Pre-renal Failure: Treatment for ARF due to Advanced Liver Disease: Dietary sodium restriction and periods of bed rest are the mainstays of nonmedical therapy in this disease entity. Medical therapies are as follows. Diuretics therapy is often indicated and the preferred agent is spironolactone. Normally this is a fairly weak diuretic, however in cases of liver failure it is very effective. Spironolactone is the only diuretic that does not require secretion into the lumen of the kidney. Rather, it enters the collecting tubule cells from the blood side and competes for the aldosterone receptor. The rate of diuresis needs to be slow and steady. Paracentesis may be helpful in those patients with tense ascites. Albumin may be given at the same time to help prevent the worsening of intravascular depletion. A peritoneovenous shunt, which drains into the internal jugular vein and translocates the ascitic fluid into the vascular space may be helpful in cases of severe portal hypertension and ascites, but is often complicated by worsening hepatic encephalopathy. Pre-renal Failure: Treatment of ARF Caused by Congestive Heart Failure: The use of diuretics may be of some help as this will increase the renal output and relieve pulmonary congestion. Another option is a trial of inotropic agents to help increase cardiac output and thus increase renal perfusion. ACE inhibitors may also be helpful to improve cardiac output, but must be used with caution in patients with acute renal failure as they may cause a fall in GFR, particularly in patients with renal vascular disease.

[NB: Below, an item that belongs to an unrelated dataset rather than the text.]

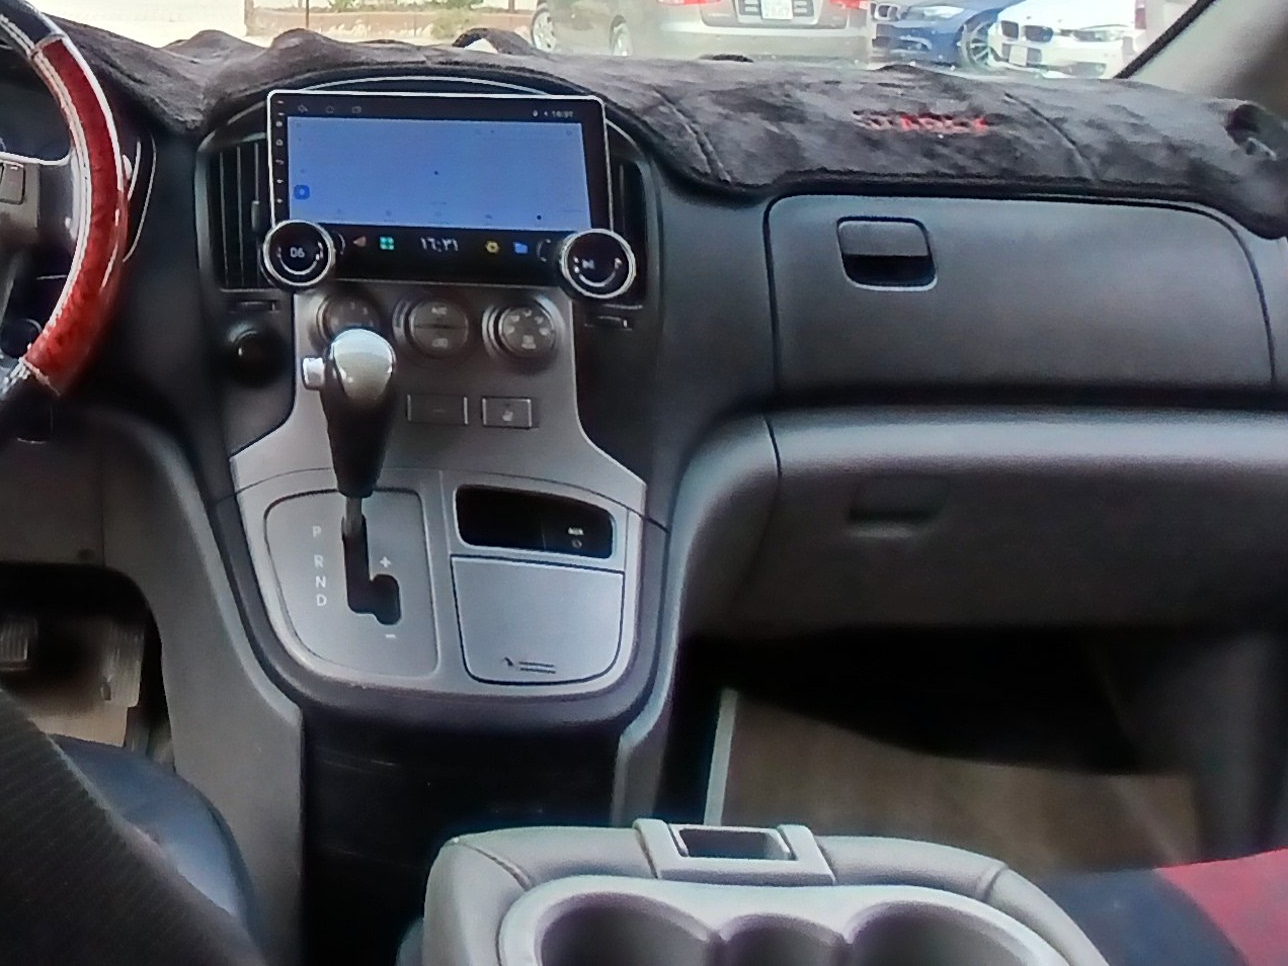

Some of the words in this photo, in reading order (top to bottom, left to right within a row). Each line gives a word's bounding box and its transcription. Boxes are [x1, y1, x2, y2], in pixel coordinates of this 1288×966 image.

Renal Causes of ARF: When pre-renal and renal causes of ARF have been ruled out, the challenge becomes to identify the cause of the intrinsic renal failure, keeping in mind the multitude of known possible causes.

Most commonly, the cause of the intrinsic renal failure will be from ATN. Therapy in established ATN, other than correction of the underlying problem, is largely supportive. In particular, attention must be paid to maintenance of the fluid and electrolyte balance and to proper nutrition. Despite management, some patients will require dialysis. Indications for dialysis include:

• marked fluid overload

• severe hyperkalemia

• presence of uremic signs or symptoms (pericarditis, nausea and vomiting, confusion, bleeding with coagulopathy present)

• severe metabolic acidosis (controversial)

• BUN levels greater than 100

Table 14

Summary of Therapy and Goals in the Initial Phase of Acute Renal Failure

Therapy Goal

Volume expansion/hydration Prevention of injury

Diuretics Management of volume overload

Vasoactive agents Restoration of renal perfusion

Dopamine

Atrial natriuretic peptide

Cytoprotective agents Preservation of cell integrity

Free radical scavengers Xathine oxidase inhibitors Calcium channel blockers Prostaglandins

The use of diuretics may be able to convert oliguric ATN into nonoliguric ATN. While nonoliguric ATN has a better prognosis than oliguric ATN this is only the case when it occurs spontaneously. Conversion of oliguric ARF to nonoliguric ARF by the use of diuretics does not improve the prognosis. Lasix is often used in high doses either by rapid infusion or by a continuous drip to help manage volume overload. Finally, dopamine may be an effective agent along with lasix in an effort to increase urine output but with no documented improvement in outcome.